#soundcheck – collab between mf doom and jneiro jarel: jj doom’s “key to the kuffs” is badass.

September 10, 2012

There are few artists in the indie hip-hop world as mercurial as MF DOOM. Always interesting, and almost impossible to pin down, MF DOOM has spent the past few years pairing up with other equally fascinating artists (Danger Mouse, Madlib, and Ghostface Killah) for a series of collaborative records. His latest is a partnership with renegade producer Jneiro Jarel called JJ DOOM. The record is Key To The Kuffs and it is badass.

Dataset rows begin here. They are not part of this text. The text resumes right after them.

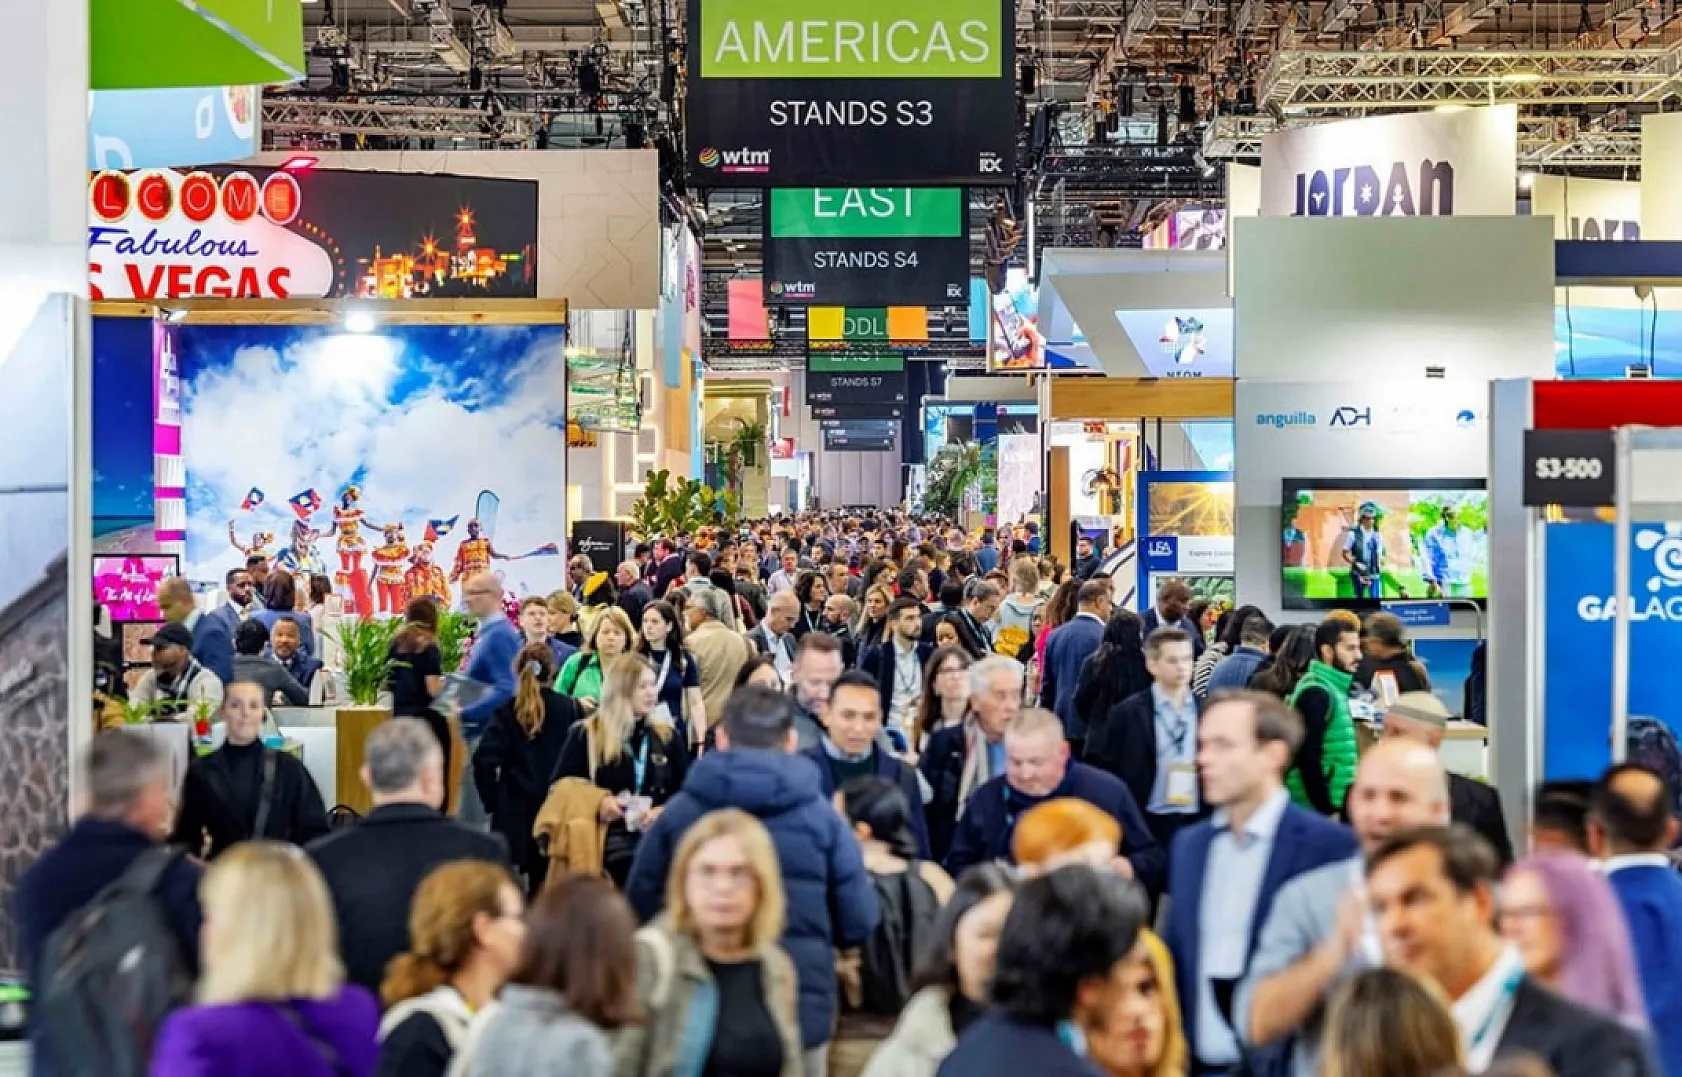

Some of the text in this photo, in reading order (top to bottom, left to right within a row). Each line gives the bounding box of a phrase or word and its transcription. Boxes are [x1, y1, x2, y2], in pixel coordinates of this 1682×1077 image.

[714, 20, 991, 63] AMERICAS
[769, 101, 934, 125] STANDS S3
[722, 147, 769, 165] wtm
[814, 187, 912, 217] EAST
[88, 227, 258, 256] Fabulous
[814, 250, 919, 268] STANDS S4
[124, 264, 292, 299] VEGAS
[830, 377, 882, 387] STANDS S7
[1256, 411, 1317, 428] anguilla
[1535, 456, 1603, 479] S3-500

The record opens with a sound collage of film clips featuring Cockney accents and glitchy electronics. Jarel’s IDM beats add a deeply layered but almost deconstructed feel rarely heard in hip-hop. (Given the similar conceptual roots of hip-hop and musique concrète I’m always surprised by how rarely either genre incorporates elements of the other…). DOOM’s rhymes are as dense as always, skipping wildly from the socio-political to the personal and back again. The record features some of the most high profile guests of DOOM’s career, including Beth Gibbons (of Portishead) on the genius “GMO.” (And I swear this isn’t just because I’ll go on an anti-GMO rant to anyone who will give me 2 minutes of their attention; it’s just a legit great track.)

DOOM gets unusually personal on the album highlight “Winter Blues,” a sultry string-laden track. In anyone else’s hands the same lyrics could easily play as a standard-issue ode to a one night stand. On top of Jarel’s genuinely beautiful production, DOOM’s rhyme is a plea for human contact. “Melanin on melanin,” DOOM intones; begging not merely for sexual gratification but just to feel close to someone. Key To The Kuffs is the rare hip-hop record that succeeds equally on the strength of the production as the lyrics. Jarel’s beats are dense, hypnotic, and often devastating. His skill is highlighted on the ambient instrumental “Viberian Sun Pt. II.” After a record’s worth of often heart-felt and always deep tracks, they end with the goofy “Wash Your Hands.” It’s a song about not washing your hands before going to the strip club (like a dirtier Del “If You Must”). Because, this may be one of DOOM’s most earnest records, but it wouldn’t be DOOM without taking a sudden left turn and completely defying expectations at least once.